• Exercise requirements: In your copy, include no images and return each entry exactly as written.

• Provided records:
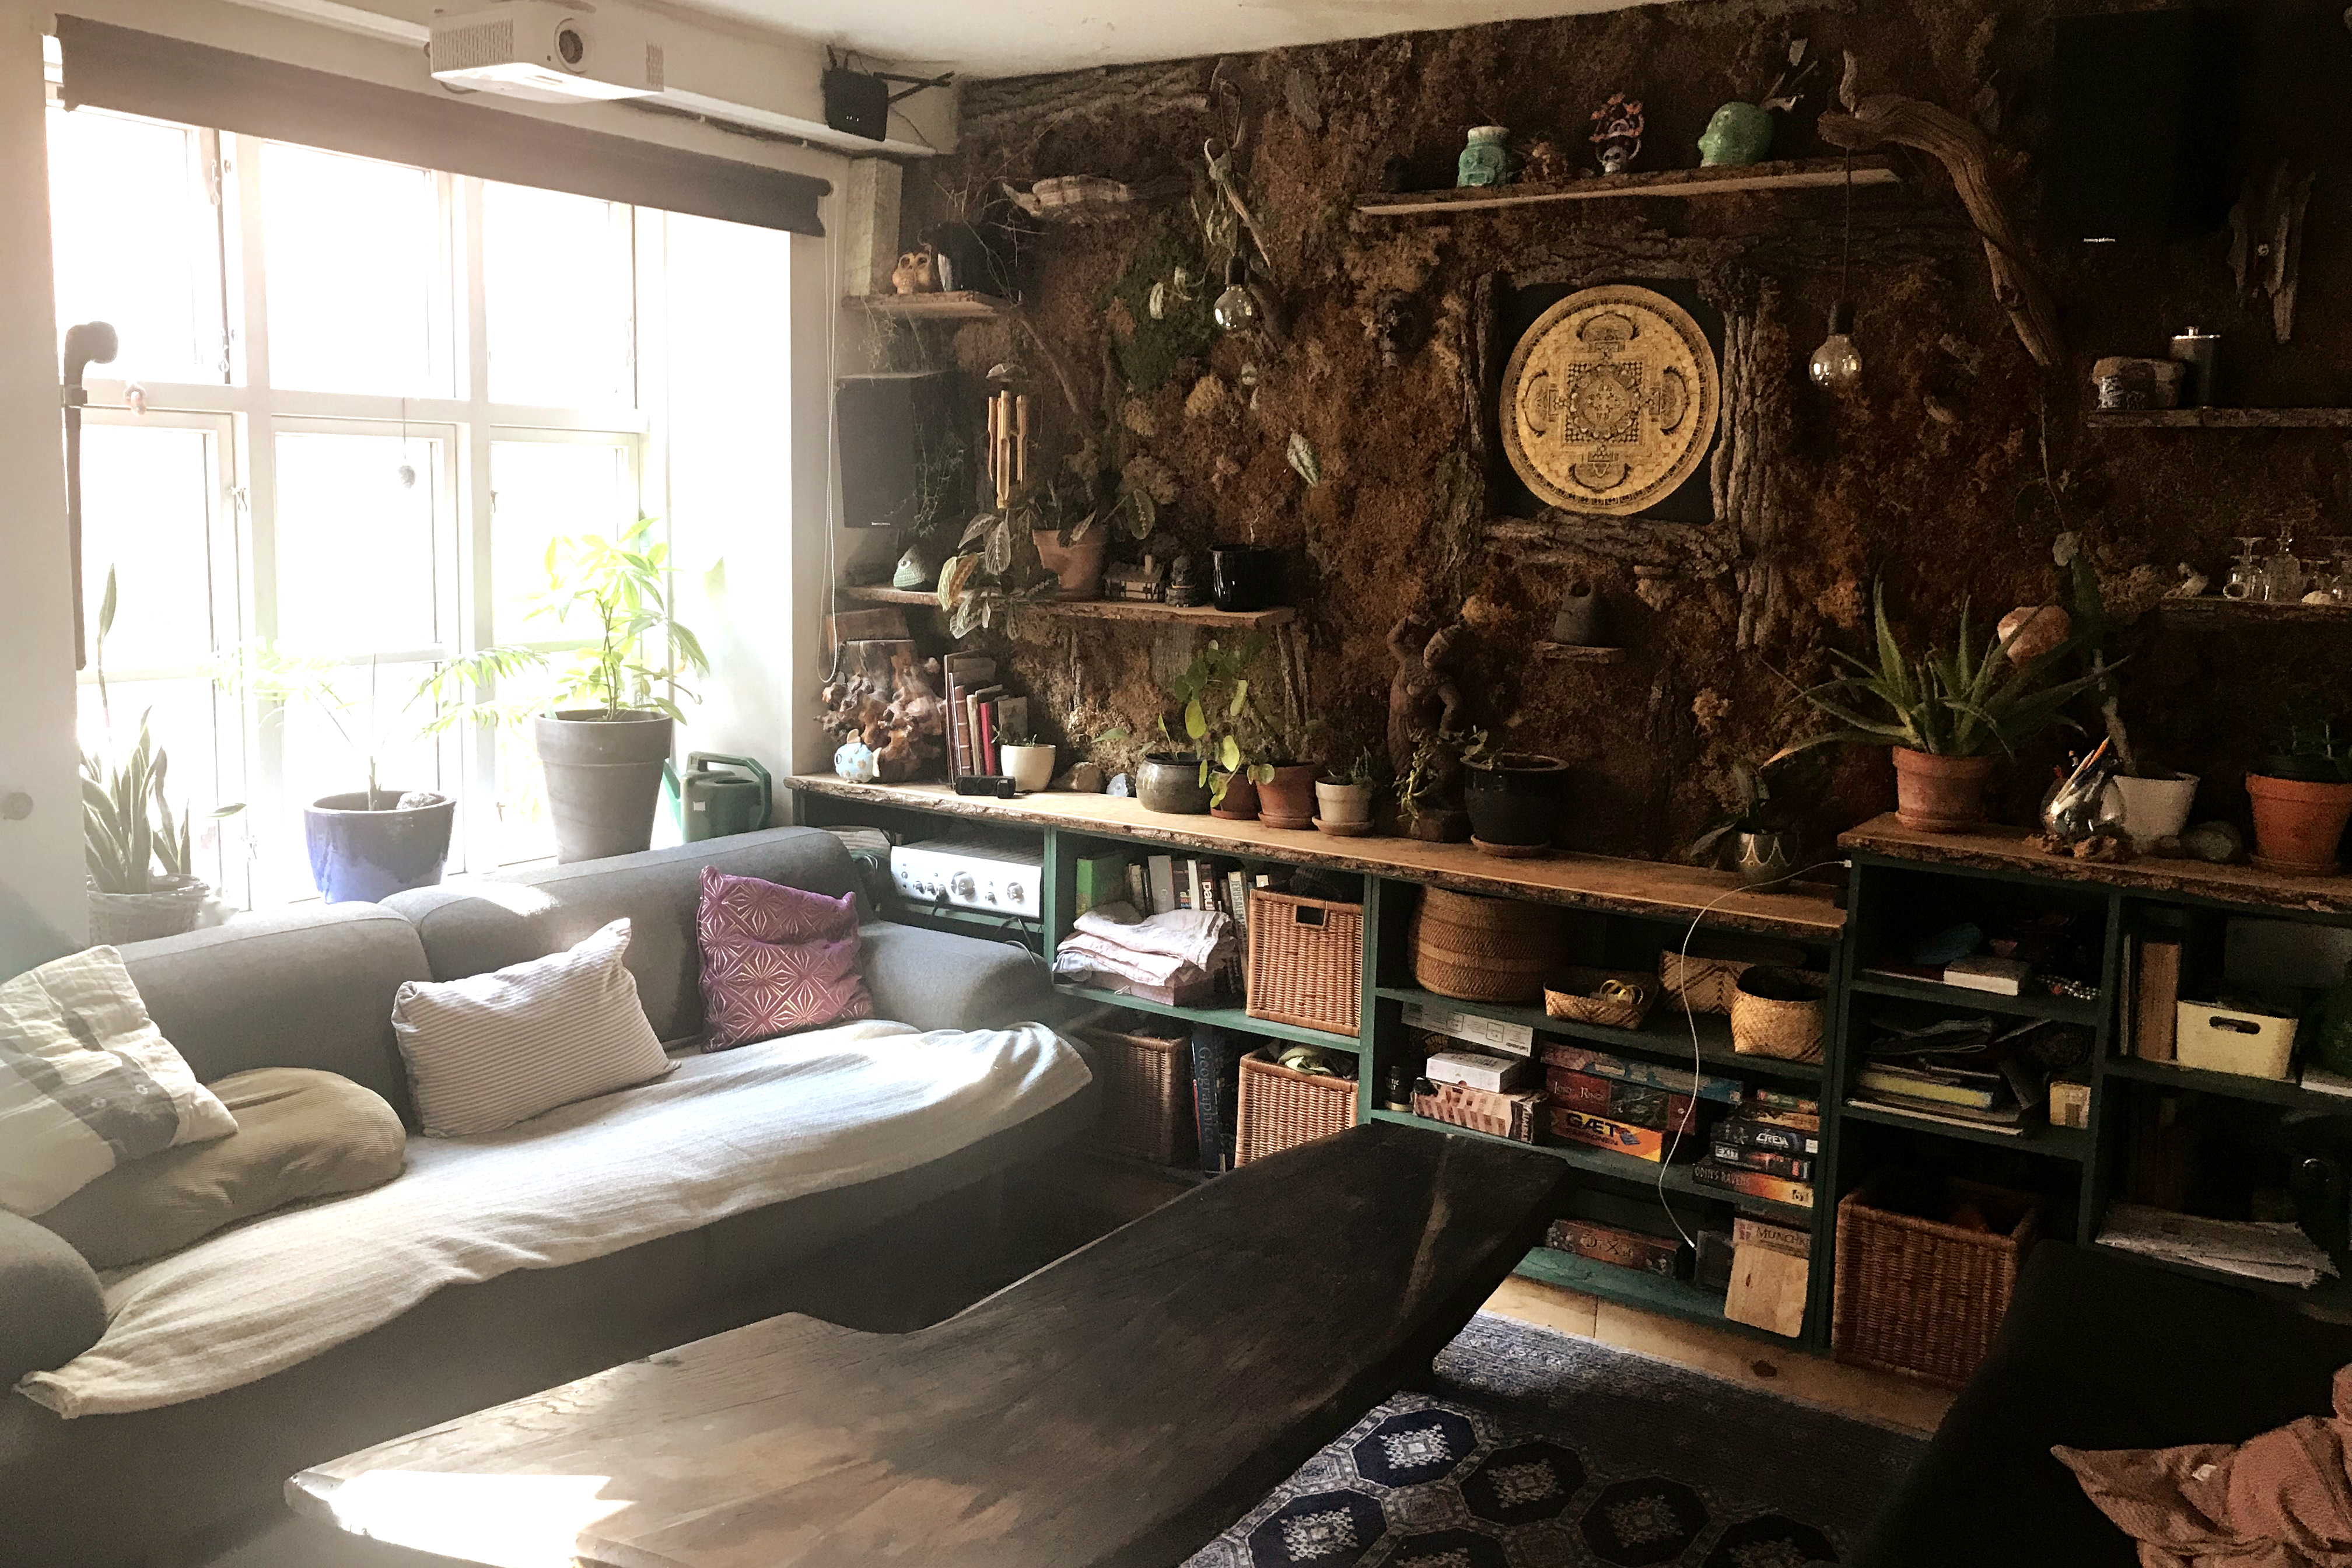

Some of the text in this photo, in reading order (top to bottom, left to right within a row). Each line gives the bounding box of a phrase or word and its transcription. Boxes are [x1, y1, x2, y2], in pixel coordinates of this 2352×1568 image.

[1202, 881, 1215, 910] paul
[1231, 880, 1245, 920] JERUSALEM
[1566, 1112, 1618, 1138] GÆT
[1717, 1145, 1738, 1159] EXIT
[1756, 1133, 1789, 1149] CREW
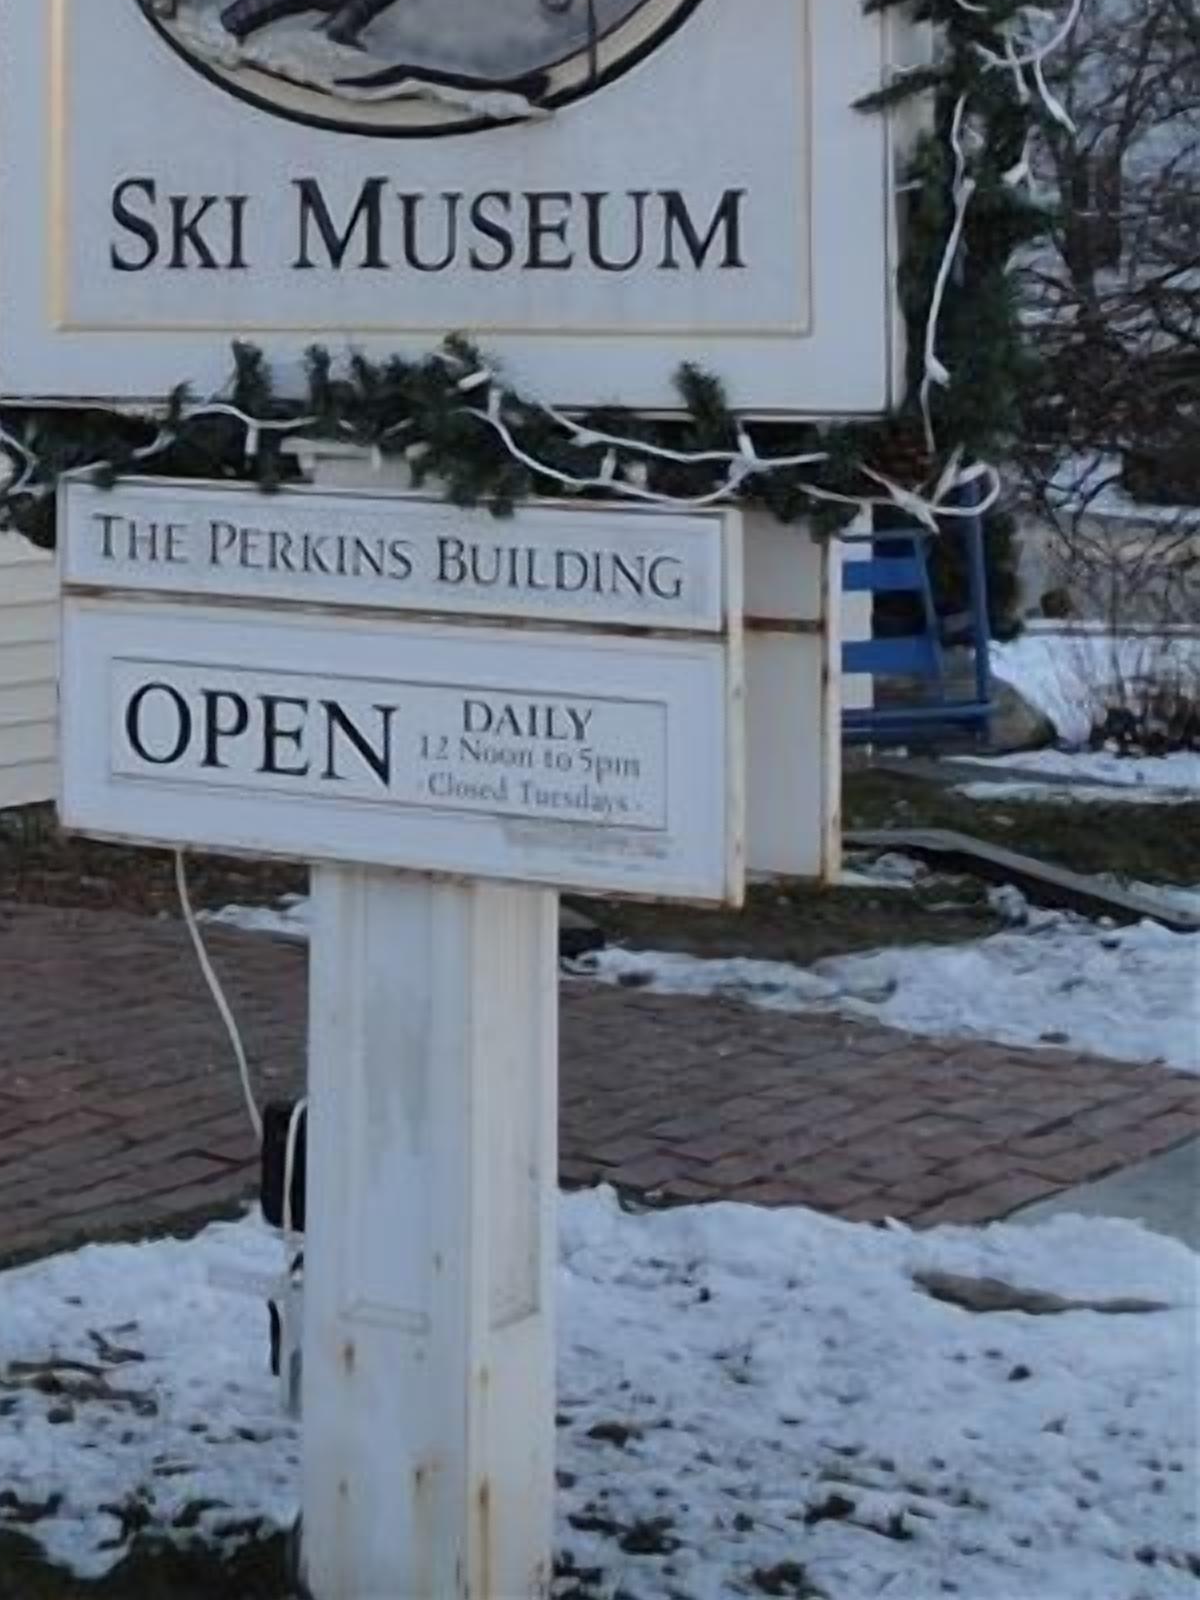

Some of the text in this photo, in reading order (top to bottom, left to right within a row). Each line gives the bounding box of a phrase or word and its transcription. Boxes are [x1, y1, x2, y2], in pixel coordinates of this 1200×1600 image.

[94, 513, 683, 599] THE PERKINS BUILDING
[125, 682, 398, 787] OPEN
[462, 699, 593, 741] DAILY
[419, 735, 641, 784] 12 Noon to 5pm
[428, 771, 508, 802] Closed

• Solution for this problem:
Some of the text in this photo, in reading order (top to bottom, left to right within a row). Each line gives the bounding box of a phrase or word and its transcription. Boxes are [x1, y1, x2, y2], in pixel coordinates of this 2352×1568 image.

[1202, 881, 1215, 910] paul
[1231, 880, 1245, 920] JERUSALEM
[1566, 1112, 1618, 1138] GÆT
[1717, 1145, 1738, 1159] EXIT
[1756, 1133, 1789, 1149] CREW

Some of the text in this photo, in reading order (top to bottom, left to right within a row). Each line gives the bounding box of a phrase or word and its transcription. Boxes are [x1, y1, x2, y2], in pixel coordinates of this 1200×1600 image.

[94, 513, 683, 599] THE PERKINS BUILDING
[125, 682, 398, 787] OPEN
[462, 699, 593, 741] DAILY
[419, 735, 641, 784] 12 Noon to 5pm
[428, 771, 508, 802] Closed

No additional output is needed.